La localisation du PFL3-PP9B n’avait de fait pas été choisie au hasard. Depuis celui-ci, on jouit d’un large panorama. En 2004, l’asbl ADESA a d’ailleurs classé cet endroit comme « point de vue remarquable » en le décrivant comme « le seul point de vue panoramique situé dans la commune [de Liège] qui permette de découvrir, sur 360°, les 3 vallées (Ourthe, Vesdre et Meuse) et la Basilique de Chèvremont. ». Ce n’est pas non plus par hasard qu’un promoteur pense que ces terrains accueilleraient bien un projet immobilier fortement contesté et retiré (temporairement ?) depuis septembre 2017 (pour en savoir plus sur les paysages du Parc du Ry-Ponet et sur ses points de vue remarquables, c’est par ici).

 

Cliquez sur l’image pour voir la vue à 360° depuis le PP9B

 

Pour aller plus loin

– COENEN E. et VERNIER F.,  La Belgique sous les armes 9. La Position Fortifiée de Liège.
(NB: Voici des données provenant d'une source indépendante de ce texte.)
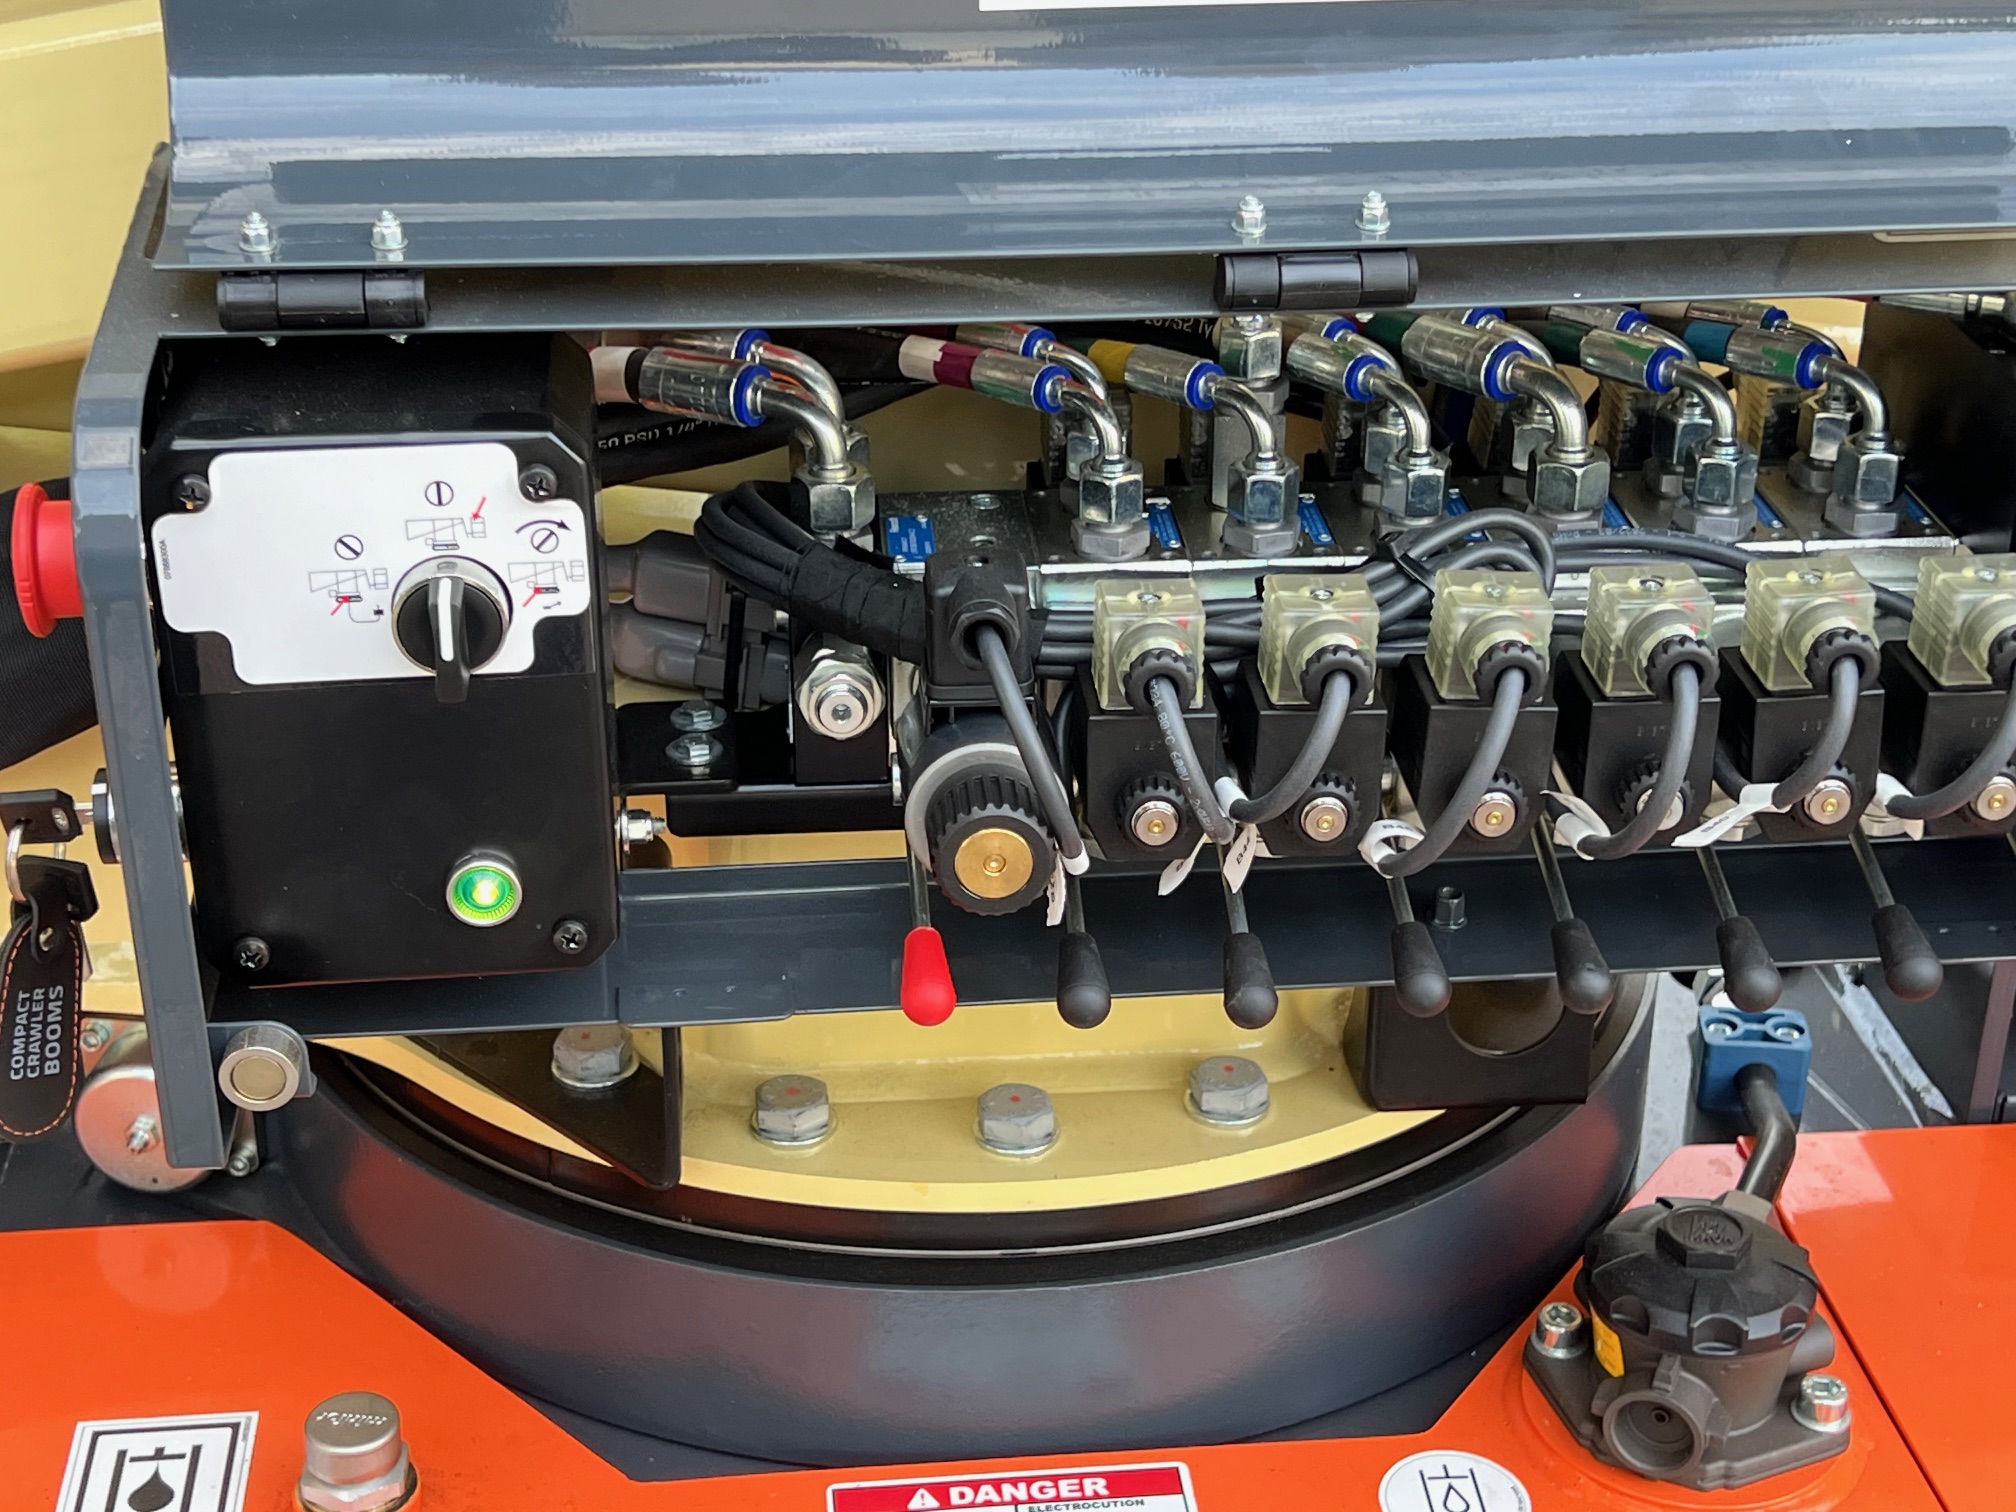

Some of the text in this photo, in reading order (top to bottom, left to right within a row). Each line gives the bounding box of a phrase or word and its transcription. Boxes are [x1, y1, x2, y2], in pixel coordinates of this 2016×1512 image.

[10, 989, 31, 1081] COMPACT
[26, 986, 46, 1079] CRAWLER
[43, 984, 65, 1076] BOOMS
[948, 1477, 1111, 1507] DANGER
[1027, 1498, 1147, 1512] ELECTROCUTION
Tome VI. Les abris de la PFL N°3, Editions De Krijger.

VERNIER Franck, Les abris de la Position Fortifiée de Liège en mai 1940 – partie 2, lisibles sur le site internet de l’asbl CLHAM (Centre Liégeois d’Histoire et d’Archéologie Militaire).

La Position Fortifiée de Liège selon Wikipedia.

– La Position Fortifiée de Liège sur le site internet du Tourisme de la Province de Liège.

– Forum Le Monde en Guerre.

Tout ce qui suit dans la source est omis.